START Data records
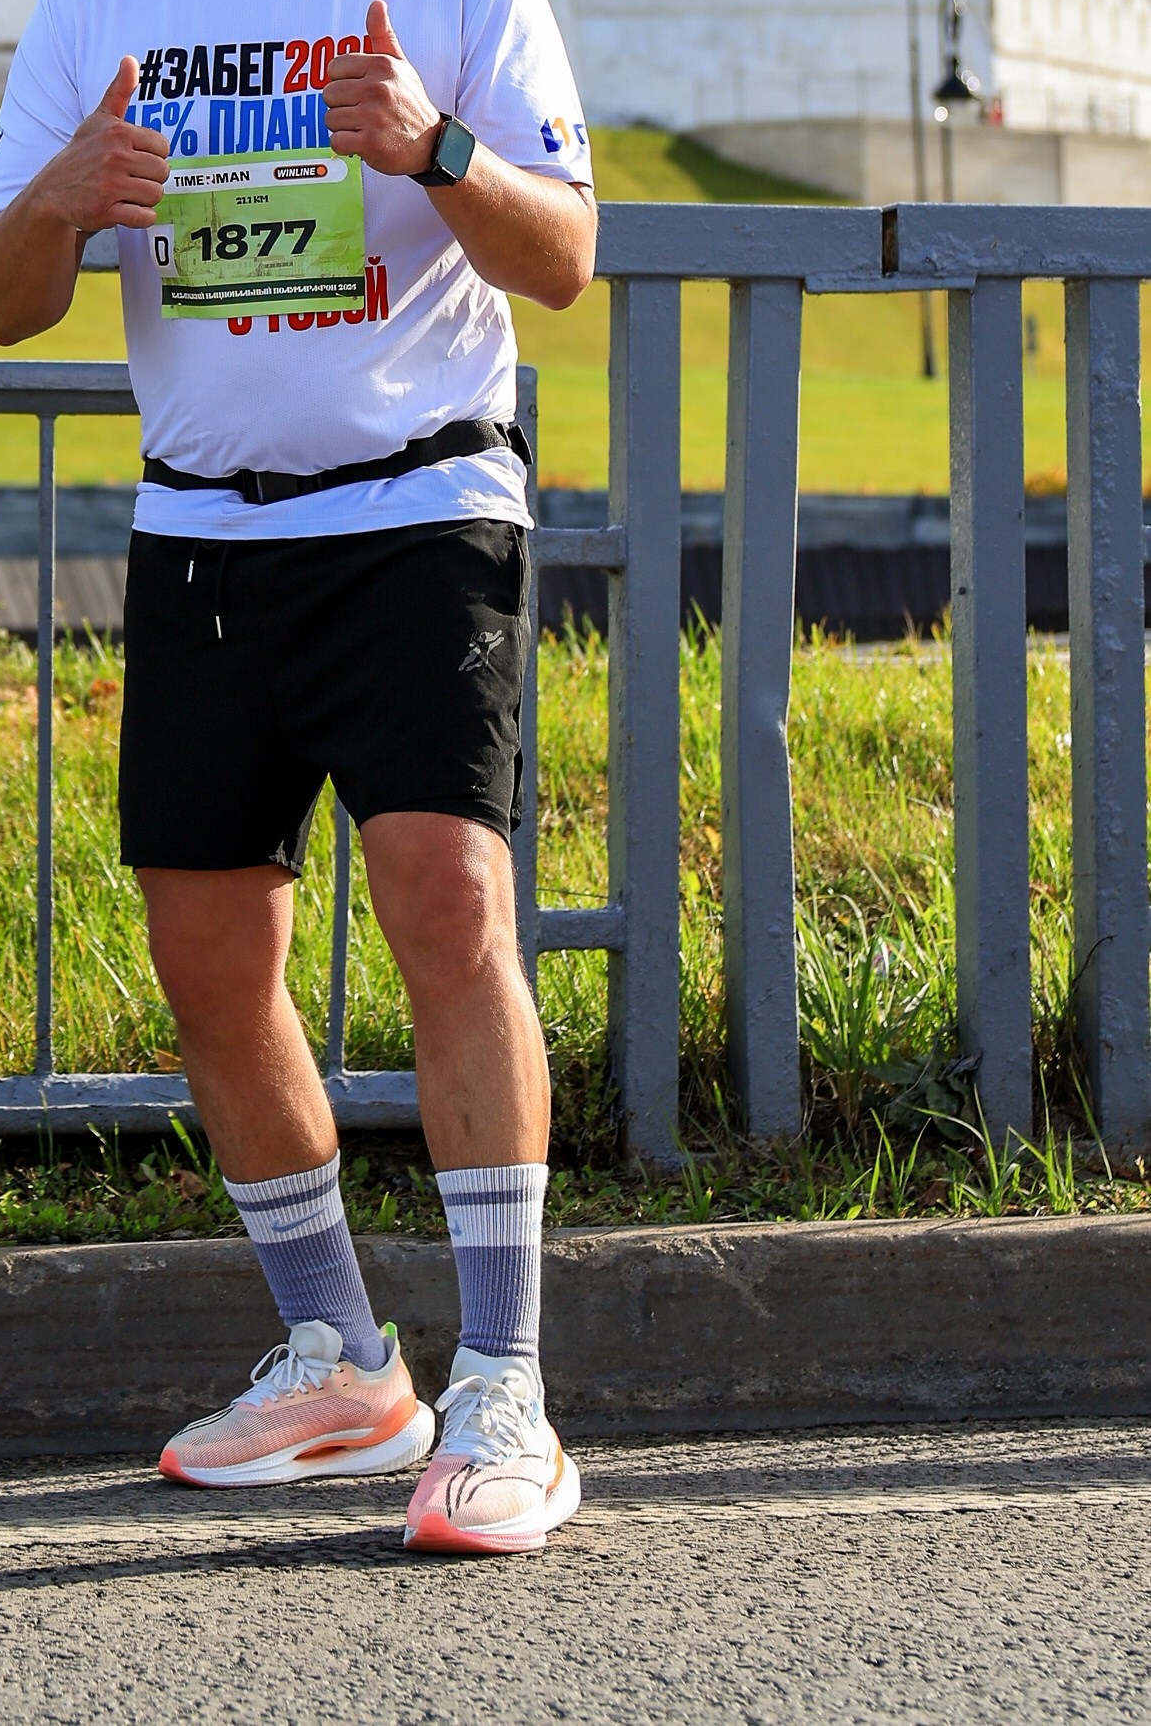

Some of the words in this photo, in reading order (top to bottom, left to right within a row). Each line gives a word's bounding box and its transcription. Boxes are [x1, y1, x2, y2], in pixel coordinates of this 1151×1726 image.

[277, 167, 316, 178] WINLINE
[235, 196, 251, 205] 21.1
[190, 219, 317, 262] 1877
[273, 284, 337, 294] ПОЛУМАРАФОН
END Data records
Restate the data word for word without pictures.

» Finished exercise:
Some of the words in this photo, in reading order (top to bottom, left to right within a row). Each line gives a word's bounding box and its transcription. Boxes are [x1, y1, x2, y2], in pixel coordinates of this 1151×1726 image.

[277, 167, 316, 178] WINLINE
[235, 196, 251, 205] 21.1
[190, 219, 317, 262] 1877
[273, 284, 337, 294] ПОЛУМАРАФОН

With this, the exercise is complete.